Perhaps this is why so many hedge fund managers are cozying up to Donald Trump: The hedge fund industry’s run under Barack Obama has been terrible.

On Monday, investment analytics firm Hedge Fund Research reported that the private investment firms as a group returned 5.6% in 2016. While that was hedge funds’ best showing in three years, it was still only about half as good as the S&P 500, which rose 9.5% last year.

More importantly, that marks the eighth year in a row that hedge funds have underperformed the broader market, as measured by HFR’s fund-weighted composite index—the same eight years during which Obama served as President. And dismal returns were only one of a slew of disasters that hedge funds have faced recently.

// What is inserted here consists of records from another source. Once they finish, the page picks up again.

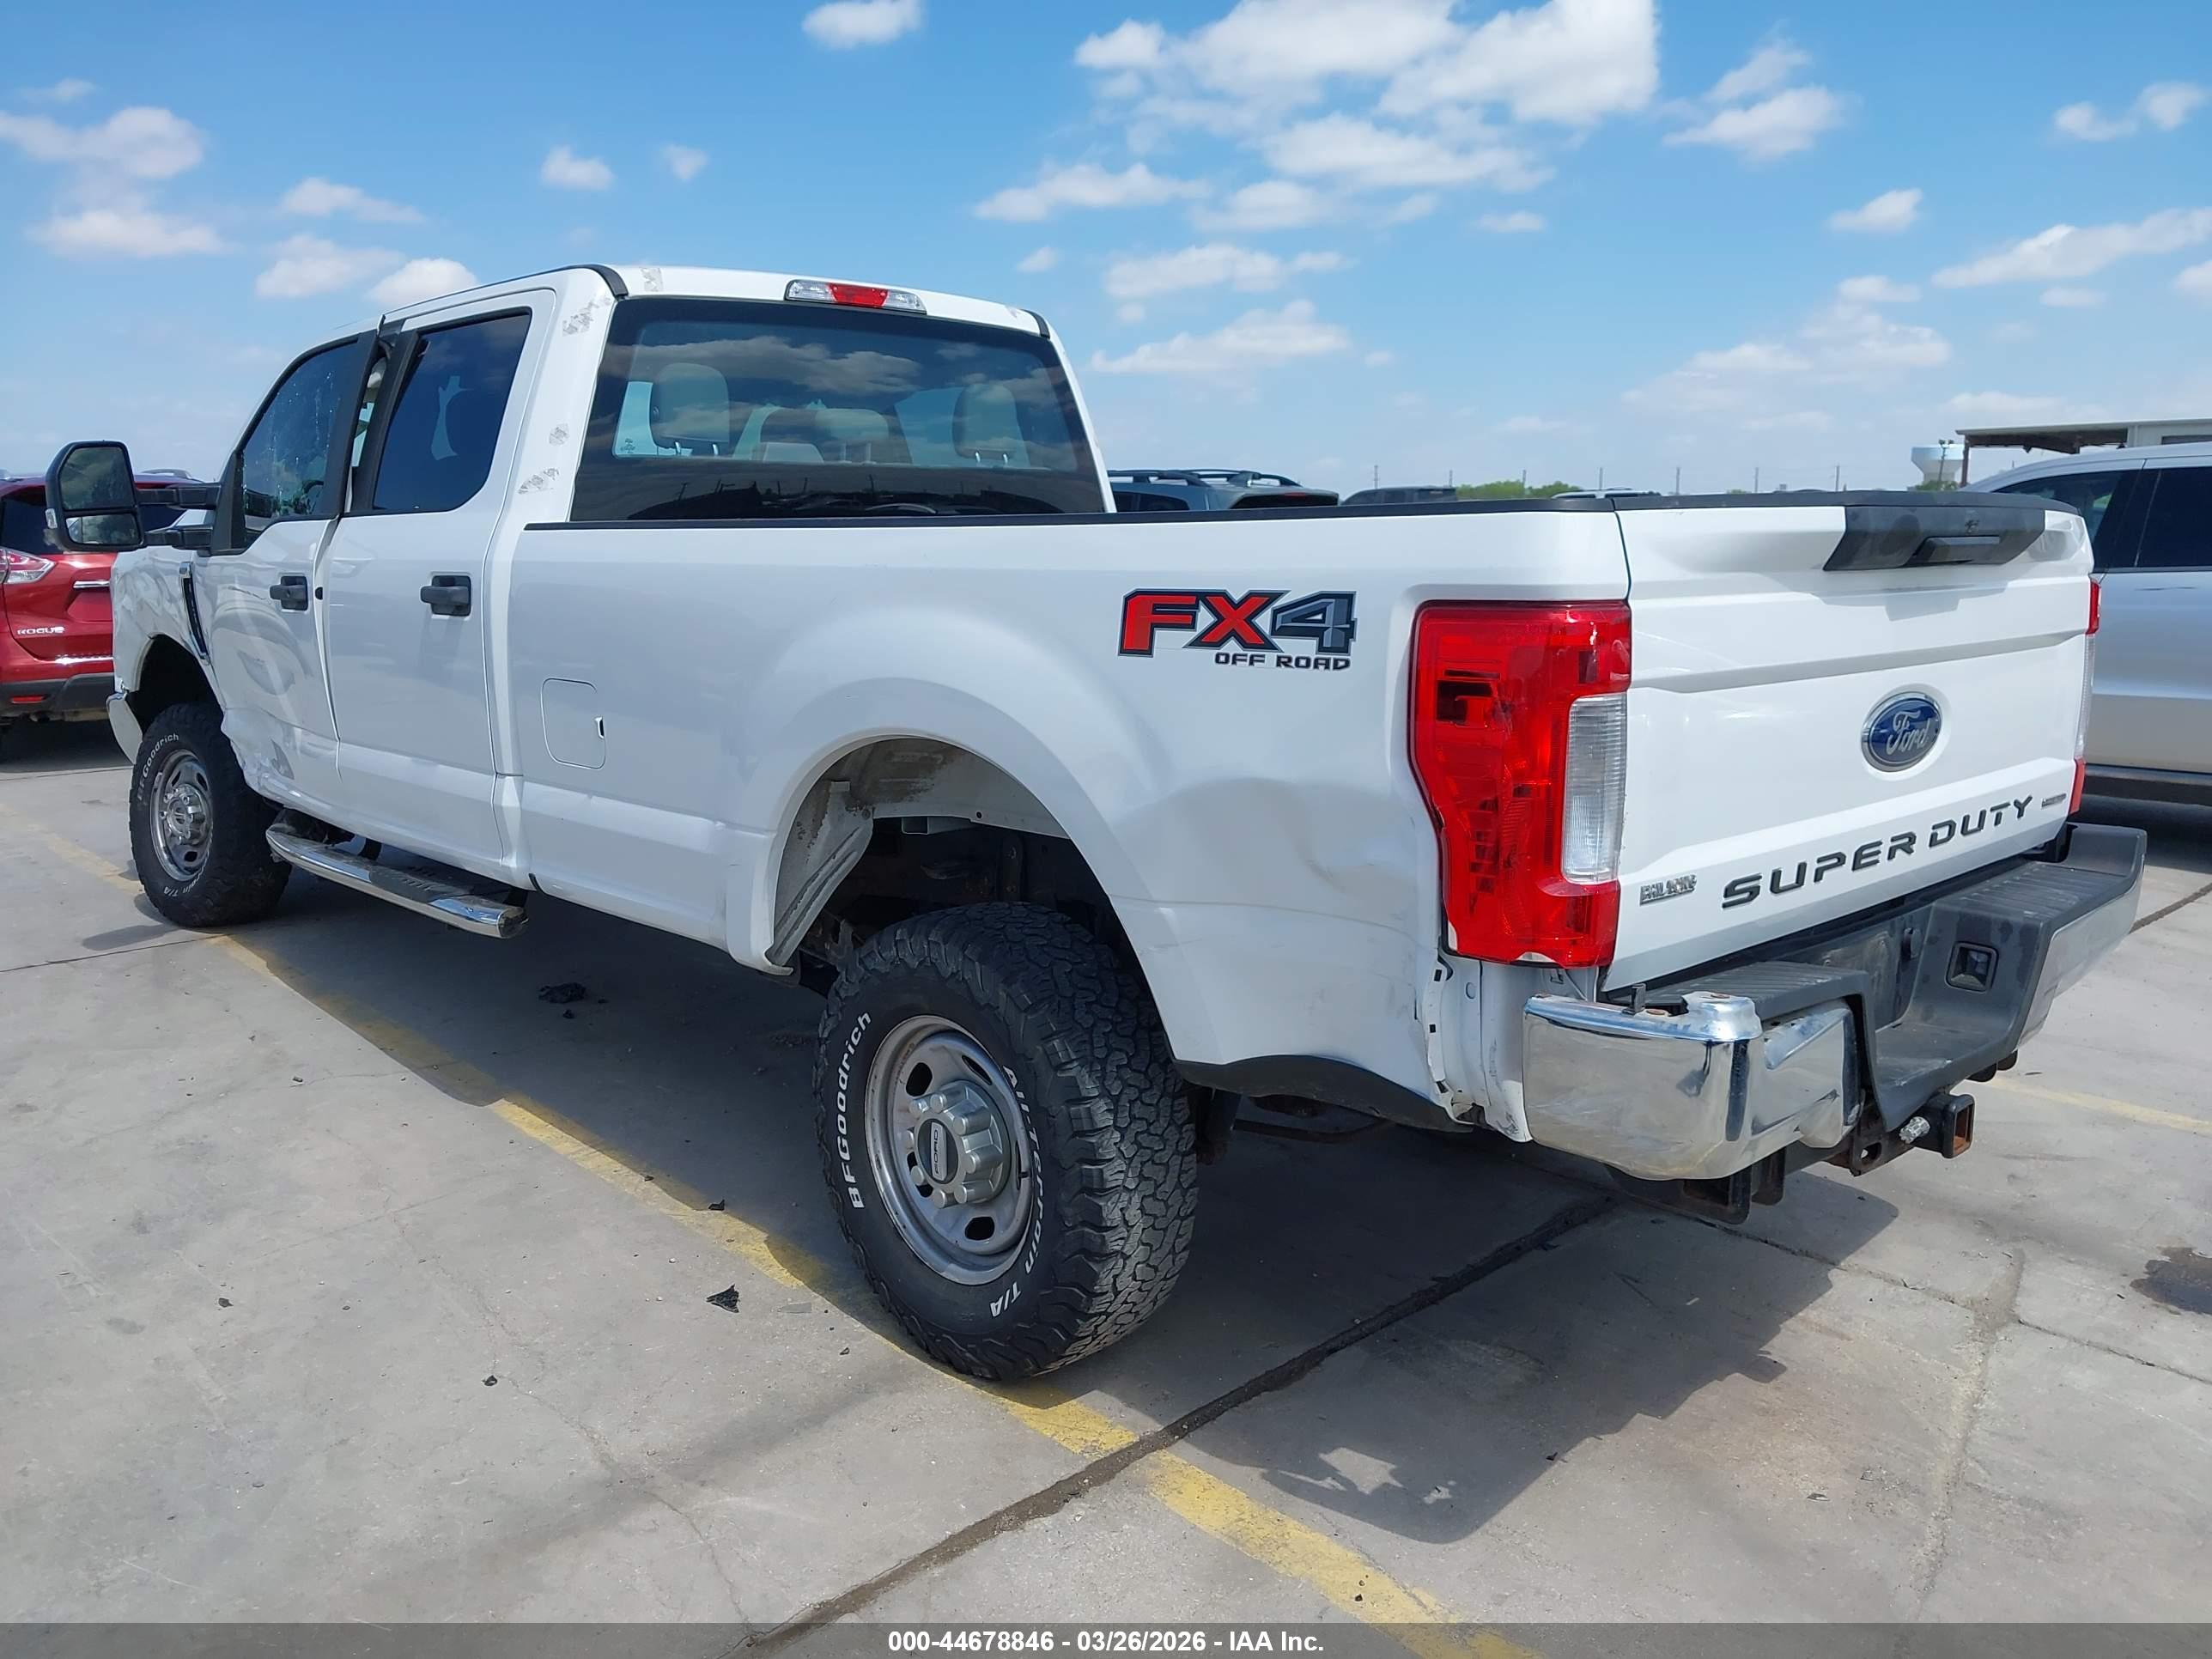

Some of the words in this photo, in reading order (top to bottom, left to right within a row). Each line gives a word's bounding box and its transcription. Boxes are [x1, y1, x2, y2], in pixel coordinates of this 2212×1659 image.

[17, 626, 65, 635] ROGUE
[1117, 588, 1357, 657] FX4
[1214, 653, 1266, 667] OFF
[1276, 653, 1351, 671] ROAD
[1886, 709, 1932, 755] Ford
[1721, 830, 1917, 908] SUPER
[1929, 795, 2033, 848] DUTY
[836, 1012, 872, 1209] BFGoodrich
[989, 1280, 1022, 1317] T/A

While some hedge fund managers might be tempted to say, “Thanks, Obama” for that period of disappointment, the outgoing President, who gives his farewell address Tuesday, isn’t entirely responsible for their continued failure to beat the market.

The last time hedge funds outperformed was 2008, when they lost 19% compared to the S&P 500’s 38% decline. Since then, though, many hedge funds have been overly bearish, focusing so much on protecting the capital they have through trendy so-called market neutral strategies to the point of sacrificing more impressive investment returns.

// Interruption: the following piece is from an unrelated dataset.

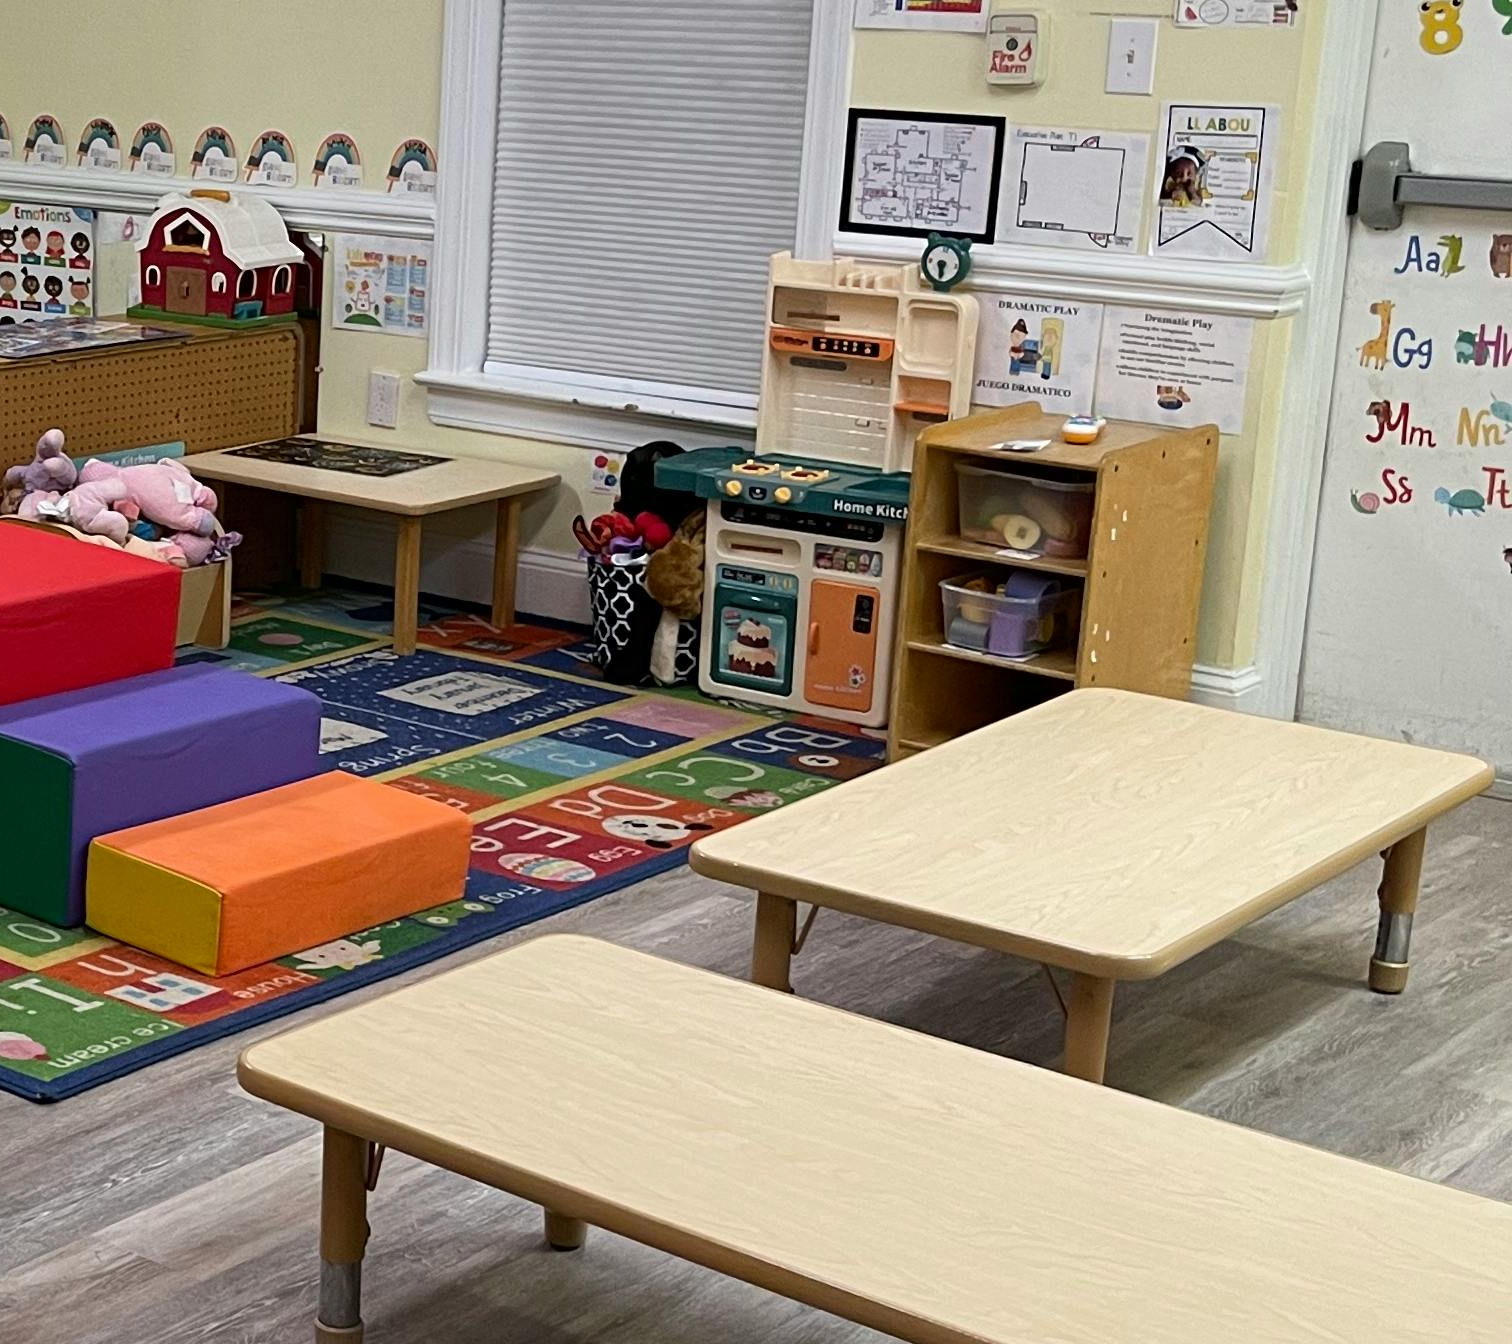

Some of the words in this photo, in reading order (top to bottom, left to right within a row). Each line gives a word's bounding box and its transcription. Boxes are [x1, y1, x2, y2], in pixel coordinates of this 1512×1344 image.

On the flip-side, as the number of stock-picking hedge funds has multiplied, some of those managers have tried to differentiate themselves by making big, risky bets, some of which have turned out catastrophically, from Bill Ackman’s investment in Valeant (VRX) to David Einhorn’s stake in now-bankrupt SunEdison.

Magnifying the damage: The tendency of copycat hedge fund investors to follow each other into the same stocks, a dangerous phenomenon known as crowding that can lead to massive losses when they all try to dump their shares at the same time. Even billionaire trader Steve Cohen last year lamented the tendency of other hedge funds to coalesce around certain stocks, dubbed “hedge fund hotels” when the industry holds a disproportionate amount of their shares.

Indeed, Obama himself has had little direct impact on hedge funds’ lagging performance, other than by perhaps crimping returns of Fannie Mae (FNMA) and Freddie Mac (FMCC)—two hedge fund favorites—and by opposing merger and tax inversion deals on which hedge funds bet big. The Justice Department under President Obama has also aggressively gone after traders who have tried to make money off of non-public information. But it’s unlikely that the crackdown on insider trading alone accounted for hedge funds’ recent underperformance, just as it’s unlikely that illegal trades were the primary driver of of hedge funds’ outperformance pre-Obama.

Overall, Obama has introduced few regulations that have specifically impacted hedge funds.

Will Donald Trump’s presidency be any better for hedge funds? Only time will tell, but the President-elect’s circle of advisors includes hedge funds managers from Carl Icahn to John Paulson to Anthony Scaramucci. A number of them, it appears, are betting on it.